Ayant des difficultés à me situer par rapport à ces nouvelles "philosophiques", je me suis tournée vers la "mimisis" chez Platon et Aristote. (fingere, entre autres : « feindre », « faire semblant », « inventer », « se figurer », "imaginer ». Permettez-moi de vous en faire bénéficier (:)) et de citer ici wikipedia :



"Dans le livre X de la République ... Platon s'interroge sur la représentation, qui n'est selon lui qu'une piètre copie de la réalité et insiste sur la primauté du réel et de la vérité. Il établit une hiérarchie de trois degrés par rapport à l'existence réelle des choses. Premièrement, il y aurait le monde des Idées. Les Idées sont les réalités immuables, éternelles, qui seules sont vraies. Elles sont la nature profonde des choses, leur essence. Elles sont l'intelligible derrière le sensible. Elles découleraient de l'Idée du Bien et le Démiurge serait celui qui les aurait formées (voir le dialogue intitulé Timée). Deuxièmement, viendraient les choses sensibles, manifestations visibles des Idées. Elles en sont les modulations, et participent aux Idées, sans toutefois les représenter adéquatement. Les artisans, pour fabriquer les choses sensibles, doivent avoir une croyance juste de ce que sont les Idées, et s'en inspirer. Sans les saisir parfaitement, un artisan connaît approximativement ce qu'est une Idée, et c'est en la contemplant qu'il pourra fabriquer une belle chose. Platon donne l'exemple du lit. C'est en se tournant vers l'Idée du lit que le menuisier est à même de construire une copie matérielle imparfaite de l'Idée du lit, qui sera néanmoins fonctionnelle. Troisièmement, viennent les imitations des choses sensibles. Platon prend l'exemple du peintre, qui pour peindre un lit, regarde le lit fabriqué par le menuisier, et non l'Idée du lit. Il copie donc une chose qui est déjà une copie. Non seulement cela, mais il le fait sans rien savoir sur le lit : il n'est pas nécessaire d'avoir une croyance exacte de la chose pour la représenter. le poète serait comme le peintre: il chante les guerres, les exploits des grands hommes, les amours et les peines, sans nécessairement savoir de quoi elles relèvent ni avoir contemplé les Idées dont elles participent.

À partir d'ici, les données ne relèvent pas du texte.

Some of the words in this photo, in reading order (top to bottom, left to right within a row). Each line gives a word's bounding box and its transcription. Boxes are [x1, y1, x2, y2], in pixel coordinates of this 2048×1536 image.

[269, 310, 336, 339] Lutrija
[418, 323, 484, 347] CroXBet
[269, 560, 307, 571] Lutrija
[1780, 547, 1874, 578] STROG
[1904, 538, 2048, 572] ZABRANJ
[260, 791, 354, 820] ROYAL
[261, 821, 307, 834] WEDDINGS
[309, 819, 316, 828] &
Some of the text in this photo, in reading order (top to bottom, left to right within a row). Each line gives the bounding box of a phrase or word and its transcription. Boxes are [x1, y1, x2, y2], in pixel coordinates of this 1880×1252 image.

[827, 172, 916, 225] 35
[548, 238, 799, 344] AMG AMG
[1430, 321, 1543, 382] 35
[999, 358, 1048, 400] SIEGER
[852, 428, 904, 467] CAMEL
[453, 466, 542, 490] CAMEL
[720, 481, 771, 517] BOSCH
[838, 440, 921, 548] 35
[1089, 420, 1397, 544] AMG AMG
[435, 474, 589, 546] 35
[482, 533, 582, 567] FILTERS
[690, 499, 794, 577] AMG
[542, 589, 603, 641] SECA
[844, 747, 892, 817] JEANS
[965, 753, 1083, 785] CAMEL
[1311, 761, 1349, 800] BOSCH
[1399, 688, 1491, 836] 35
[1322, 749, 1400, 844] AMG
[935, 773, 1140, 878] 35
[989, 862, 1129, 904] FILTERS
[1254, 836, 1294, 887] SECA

Les arts d'imitation sont « [...] donc doublement éloigné[s] du vrai », et c'est en raison de ce statut ontologique faible qu'ils sont bannis de la cité. Étant donné que la connaissance du vrai implique chez Platon une connaissance du bien, les arts imitatifs, en tant qu'ils déforment cette réalité des Idées, opèrent donc sur l'âme un détournement épistémologique et moral".



Pour Aristote en revanche il s'agissait d'une méthode d'apprentissage par "imitation" (Poétique).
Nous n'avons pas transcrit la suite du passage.